Bill Holbrook’s **On The Fastrack** for the 29th of November speaks in support of accounting. It’s a worthwhile message. It doesn’t get much respect, not from the general public, and not from typical mathematics department. The general public maybe thinks of accounting as not much more than a way companies nickel-and-dime them. If the mathematics departments I’ve associated with are fair representatives, accounting isn’t even thought of except by the assistant professor doing a seminar on financial mathematics. (And I’m not sure accounting gets mentioned there, since there’s exciting stuff about the Black-Scholes Equation and options markets to think about instead.) This despite that accounting is probably, by volume, the most used part of mathematics. Anyway, Holbrook’s strip probably won’t get the field a better reputation. But it has got some great illustrations of doing things with numbers. The folks in mathematics departments certainly have had days feeling like they’ve done each of these things.

Dave Coverly’s **Speed Bump** for the 30th of November is a compound interest joke. I admit I’ve told this sort of joke myself, proposing that the hour cut out of the day in spring when Daylight Saving Time starts comes back as a healthy hour and three minutes in autumn when it’s taken out of saving. If I can get the delivery right I might have someone going for that three minutes.

Mikael Wulff and Anders Morgenthaler’s **Truth Facts** for the 30th of November is a Venn diagram joke for breakfast. I would bet they’re kicking themselves for not making the intersection be the holes in the center.

Mark Anderson’s **Andertoons** for this week interests me. It uses a figure to try explaining how to relate gallon and quart an pint and other units relate to each other. I like it, but I’m embarrassed to say how long it took in my life to work out the relations between pints, quarts, gallons, and particularly whether the quart or the pint was the larger unit. I blame part of that on my never really having to mix a pint of something with a quart of something else, which ought to have sorted that out. Anyway, let’s always cherish good representations of information. Good representations organize information and relationships in ways that are easy to remember, or easy to reconstruct or extend.

John Graziano’s **Ripley’s Believe It or Not** for the 2nd of December tries to visualize how many ways there are to arrange a Rubik’s Cube.

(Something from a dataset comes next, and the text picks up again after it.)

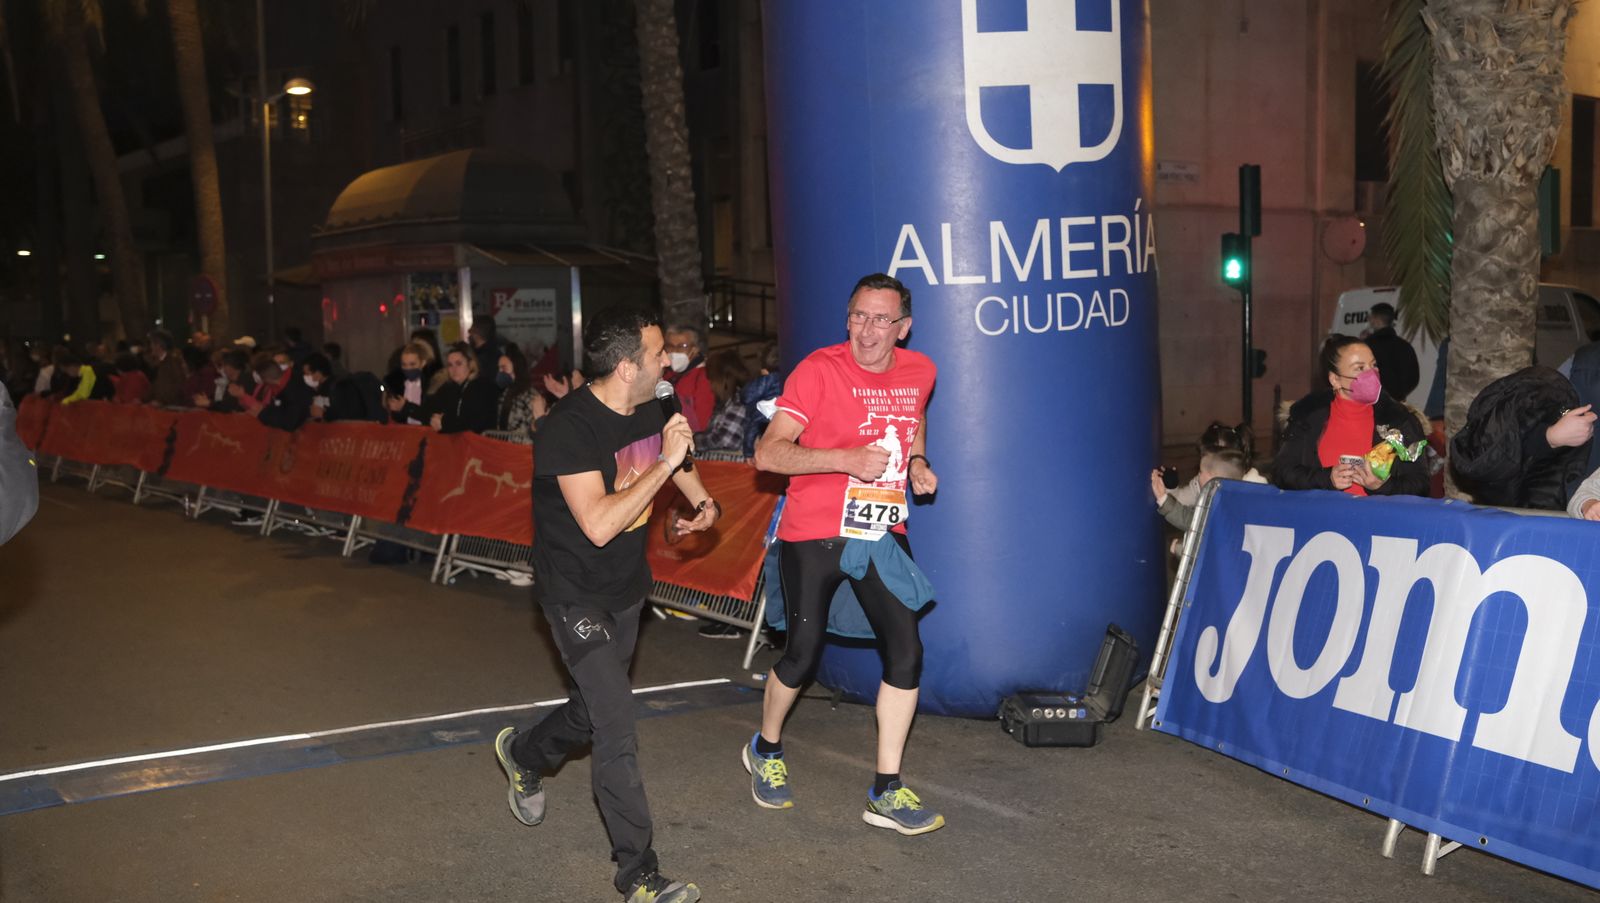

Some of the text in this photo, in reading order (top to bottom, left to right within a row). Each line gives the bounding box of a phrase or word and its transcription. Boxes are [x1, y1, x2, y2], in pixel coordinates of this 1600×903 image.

Counting off permutations of things by how many seconds it’d take to get through them all is a common game. The key to producing a staggering length of time is that it one billion seconds are nearly 32 years, and the number of combinations of things adds up really really fast. There’s over eight billion ways to draw seven letters in a row, after all, if every letter is equally likely and if you don’t limit yourself to real or even imaginable words. Rubik’s Cubes have a lot of potential arrangements. Graziano misspells Rubik, but I have to double-check and make sure I’ve got it right every time myself. I didn’t know that about the pigeons.

Charles Schulz’s **Peanuts** for the 2nd of December (originally run in 1968) has Peppermint Patty reflecting on the beauty of numbers. I don’t think it’s unusual to find some numbers particularly pleasant and others not. Some numbers are easy to work with; if I’m trying to add up a set of numbers and I have a 3, I look instinctively for a 7 because of how nice 10 is. If I’m trying to multiply numbers, I’d so like to multiply by a 5 or a 25 than by a 7 or an 18. Typically, people find they do better on addition and multiplication with lower numbers like two and three, and get shaky with sevens and eights and such. It may be quirky. My love is a wizard with 7’s, but can’t do a thing with 8. But it’s no more irrational than the way a person might a pyramid attractive but a sphere boring and a stellated icosahedron ugly.

I’ve seen some comments suggesting that Peppermint Patty is talking about *numerals*, that is, the way we represent numbers. That she might find the shape of the 2 gentle, while 5 looks hostile. (I can imagine turning a 5 into a drawing of a shouting person with a few pencil strokes.) But she doesn’t seem to say one way or another. She might see a page of numbers as visual art; she might see them as wonderful things with which to play.

I liked the doughnut/bagel Venn diagram and Gallon Man the most. I would have missed both of them and the other strips if you hadn’t shared them. Thank you again!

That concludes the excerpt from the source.